2003: Landtagspräsident Prof. Ing. Helmut Mader für sein Bemühen, die Intentionen der Katholische Soziallehre in seiner politischen Tätigkeit aktuell umzusetzen, und
Pfarrer Mag. H. Andreas Brandtner für die Initiierung und Leitung der EURO-Jugendakademie, von Jugendbildungshäusern in Oberhöflein und Safov (CZ) und für grenzüberschreitende Kindersommerlager in Langau
2005: Die beiden Preise gingen an den Österreichischen Bauorden und an die Hans-Klingler-Stiftung.
Der Österreichische Bauorden organisiert Arbeitseinsätze von freiwilligen Helfertrupps, die aus Jugendlichen verschiedener Herkunftsländer und einem Betreuer bestehen.
Grundanliegen der Hans-Klingler-Stiftung ist die Umsetzung christlicher Gewerkschaftssolidarität in Ländern der Dritten Welt sowie in Ost- und Mitteleuropa, basierend auf den Werten der Katholischen Soziallehre.
2007: Die beiden Preise gingen an Thomas Huber aus Ternitz, und an die Bildungsanstalt für Kindergartenpädagogik der Schulschwestern Amstetten.
Thomas Huber hat in Eigeninitiative eine Bäckerei in Kinshasa, Kongo, eingerichtet und dort in einem mehrwöchigen Aufenthalt Jugendliche ausgebildet.

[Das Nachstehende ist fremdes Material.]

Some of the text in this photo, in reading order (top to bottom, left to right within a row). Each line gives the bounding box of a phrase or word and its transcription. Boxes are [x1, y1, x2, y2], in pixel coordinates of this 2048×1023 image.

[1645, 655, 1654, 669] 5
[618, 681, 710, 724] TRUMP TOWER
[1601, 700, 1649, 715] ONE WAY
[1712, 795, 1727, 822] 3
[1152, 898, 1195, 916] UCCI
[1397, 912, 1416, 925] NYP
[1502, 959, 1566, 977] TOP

Die Schüler und Lehrkörper der Bildungsanstalt für Kindergartenpädagogik der Schulschwestern in Amstetten unterstützen seit 2005 durch zahlreiche Aktivitäten ein Kinderzentrum und den Hilfsverein "Charity Viden" in Konotop, Ukraine.
2009: Bei der Kuratoriumssitzung der Papst-Leo-Stiftung am 3. März 2009 wurden die diesjährigen Papst-Leo-Preise an Dr. Bedrich Vymetalík (Brünn), an den em. Bischof Dr. h. c. Maximilian Aichern (Linz) und an das Projekt Megaphon (Graz) vergeben. Die Preisträger wurden aus 37 Einreichungen in geheimer Abstimmung ausgewählt.